If you were searching for a prime candidate for an Army recruiting poster, Zhu would be a good bet. She cuts an imposing, professional figure in the uniform adorned with combat and service ribbons under the medical corps insignia and silver captain’s bars.

After her graduation from the Women’s College with an M.S.O.T., Shotwell introduced Zhu the program director for a U.S. Army doctoral program in occupational therapy at Baylor University in Texas. Shotwell guided Zhu through the process of gaining experience she needed to qualify for the program and her parents in China supported her decision to lock into a program that, in exchange assistance with tuition and living expenses, would require military service in the U.S. Army.
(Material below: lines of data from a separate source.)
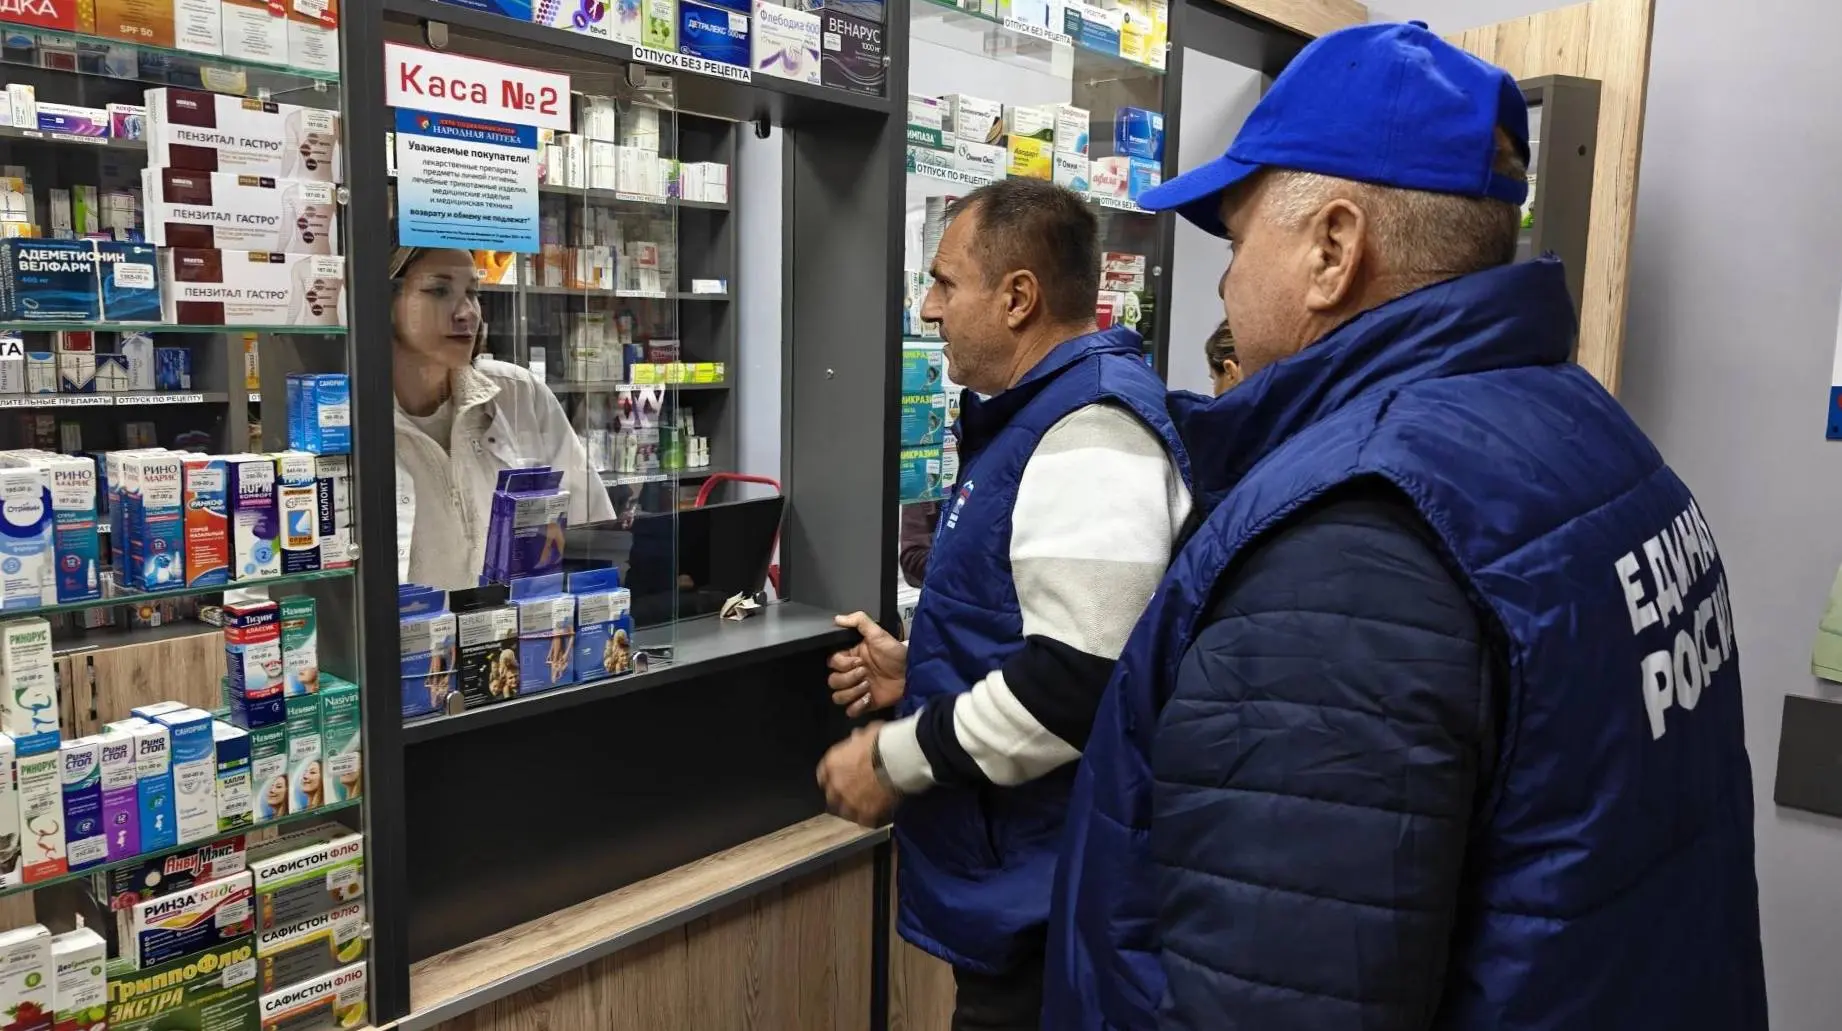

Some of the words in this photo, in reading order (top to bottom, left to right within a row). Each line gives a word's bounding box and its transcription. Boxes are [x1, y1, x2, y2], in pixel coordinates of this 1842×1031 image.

[120, 25, 138, 35] SPF
[140, 28, 153, 37] 50
[590, 25, 607, 36] teva
[688, 18, 727, 36] ДЕТРАЛЕКС
[829, 17, 881, 44] ВЕНАРУС
[1005, 19, 1030, 32] ОТПУСК
[1031, 25, 1043, 36] БЕЗ
[1044, 29, 1071, 45] РЕЦЕПТА
[862, 42, 875, 52] 1000
[635, 47, 679, 66] ОТПУСК
[681, 56, 701, 70] БЕЗ
[704, 61, 750, 81] РЕЦЕПТА
[400, 62, 487, 104] Каса
[502, 80, 558, 115] №2
[177, 130, 235, 145] ПЕНЗИТАЛ
[433, 125, 484, 139] НАРОДНАЯ
[486, 131, 521, 144] АПТЕКА
[408, 140, 469, 157] Уважаемые
[471, 149, 530, 164] покупатели!
[422, 159, 478, 170] лекарственные
[423, 168, 460, 178] предметы
[917, 164, 946, 178] ОТПУСК
[947, 171, 958, 180] ПО
[960, 174, 992, 186] РЕЦЕПТУ
[412, 176, 448, 186] лечебные
[450, 180, 497, 192] трикотажные
[432, 188, 480, 198] медицинские
[436, 198, 484, 208] медицинская
[486, 202, 513, 210] техника
[173, 209, 231, 222] ПЕНЗИТАЛ
[410, 208, 446, 219] возврату
[453, 210, 481, 222] обмену
[18, 249, 126, 262] АДЕМЕТИОНИН
[19, 261, 91, 273] ВЕЛФАРМ
[185, 287, 241, 298] ПЕНЗИТАЛ
[59, 397, 112, 406] ПРЕПАРАТЫ
[118, 396, 150, 404] ОТПУСК
[167, 395, 202, 403] РЕЦЕПТУ
[55, 469, 92, 480] РИНО
[144, 464, 177, 475] РИНО
[1614, 497, 1716, 635] ЕДИНА
[244, 613, 273, 625] Тизин
[10, 630, 47, 645] РИНОРУС
[1640, 572, 1733, 741] РОССИ
[325, 693, 357, 708] Nasivin
[20, 760, 57, 775] РИНОРУС
[260, 851, 328, 879] САФИСТОН
[330, 843, 359, 858] ФЛЮ
[144, 894, 196, 918] РИНЗА
[262, 914, 329, 943] САФИСТОН
[330, 904, 360, 920] ФЛЮ
[108, 945, 252, 1004] ГриппоФлю
[265, 981, 332, 1011] САФИСТОН
[334, 970, 363, 986] ФЛЮ
[109, 987, 185, 1023] ЭКСТРА
As part of the process, Zhu completed a residency in 2009-10 at the Brooke Army Medical Center in nearby San Antonio and in 2011 she was assigned to the OT clinic at Tripler Army Medical Center in Hawaii.
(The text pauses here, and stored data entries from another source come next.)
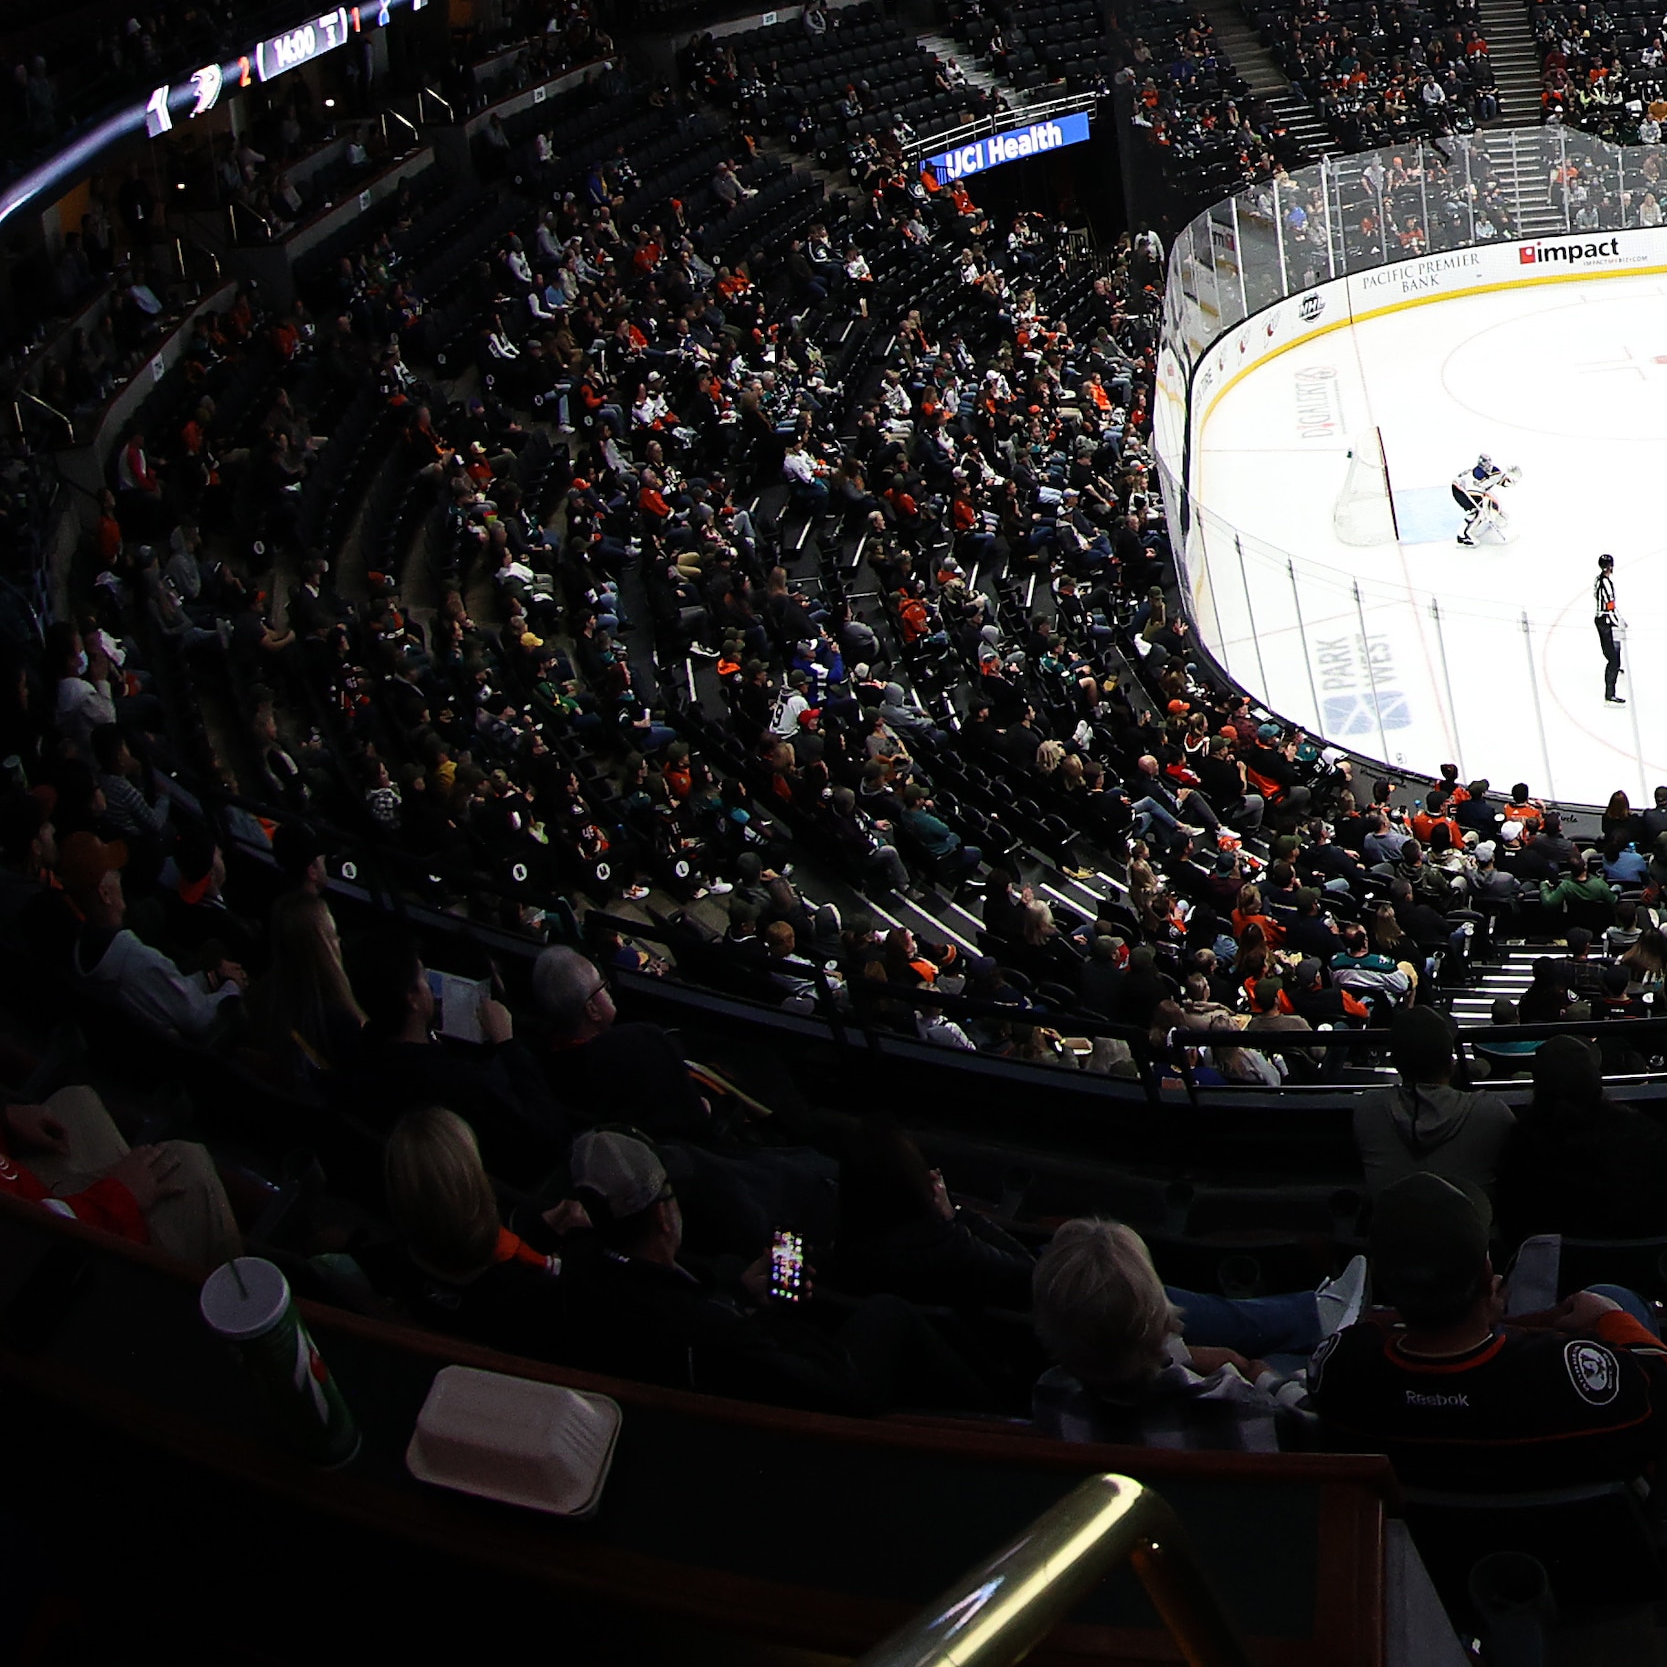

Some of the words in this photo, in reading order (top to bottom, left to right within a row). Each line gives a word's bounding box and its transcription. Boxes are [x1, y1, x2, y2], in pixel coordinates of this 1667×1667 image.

[238, 56, 251, 87] 2
[274, 26, 315, 66] 14:00
[326, 26, 336, 47] 3
[350, 8, 361, 32] 1
[945, 144, 984, 178] UCI
[988, 122, 1062, 164] Health
[1537, 238, 1619, 265] impact
[1363, 266, 1416, 289] PACIFIC
[1418, 253, 1480, 275] PREMIER
[1402, 274, 1440, 293] BANK
[1299, 295, 1326, 315] NHL
[1316, 636, 1357, 690] PARK
[1355, 633, 1397, 687] WEST
[1405, 1389, 1470, 1408] Reebok
In 2012 her orders came through sending her to FOB Solerno.

Underwood has always been impressed by the great strides Zhu made while at Brenau. “Given the culture and classroom environment that she grew up in, Yao Yao had to adapt a lot to the OT program at Brenau, and it grew her confidence,” the professor says. “I don’t know if she would have had the confidence [before Brenau] to pursue her desired career path.

The military, Zhu says, helped her bridge the still-huge gap that exists between the clinical and academic sides of occupational therapy.

“When I asked her what her favorite job in the military was, she said it was directly working with the people in the hospitals.”

Army Career

Zhu specializes in rehabilitation, working intimately with both soldiers and civilians who sustained injuries, with certifications in vision therapy rehab and cognitive rehabilitation for traumatic brain injury.

“It is very rewarding to treat the military population, and allowing [rehabilitated soldiers] to go home,” Zhu says. “I feel like I’m serving not only the population and my soldiers, but I’m serving my family, too.”

When she talked to the Brenau students last spring at the North Atlanta/Norcross campus, the message was part biography and part pure ol’ military recruiter sales, which is something she’s very, very good at.

The Army does more than help steer one’s career course, as it did for Zhu. Financially, it offers full scholarships, paid tuition, plus additional pay for military members attending college, and it also provides peer reports and mentorships for those looking to work in a particular division. Naturally, leadership is a huge component of the military, and members can invest in leadership courses much like the ones Zhu took while stationed in Texas.

Although it would seem that between recruiting, her clinical work, and all of her awards and recognitions, Zhu would have little time for anything else, she still has a rich personal  and social life. And the recruiter will tell you that the Army makes special accommodations for that side of life’s balances. Although it is typical for military members to move every three years to different locations, the Army provides the resources to move families and help non-military spouses find new jobs. When both spouses are in the military, the Married Army Couples Program tries  to keep their duty postings as close together as possible. Although that sort of nomadic life style may seem daunting to many military families with children who have to adjust to new schools and friends on a regular basis, Zhu says some find the lifestyle attractive: It gives them a better global understanding and appreciation.

“Everyone’s situation is unique,” explained Zhu. “But if I ever have children, I would continue the military lifestyle so they can see the world and gain an appreciation for all the various cultures.”

In addition to coming off as an all-you-can-be Army true believer, Zhu also believes in Brenau as well.  

“I miss the interpersonal relationships I had with my professors,” she says nostalgically, adding that she hopes one day she can inspire other Brenau students through her work. “One of the most memorable experiences was being in my OT honors group. I got to see different cultures within my group as we practiced clinical rotations. My personality and mindset all changed while I was there.

“Brenau was a cornerstone of my life.”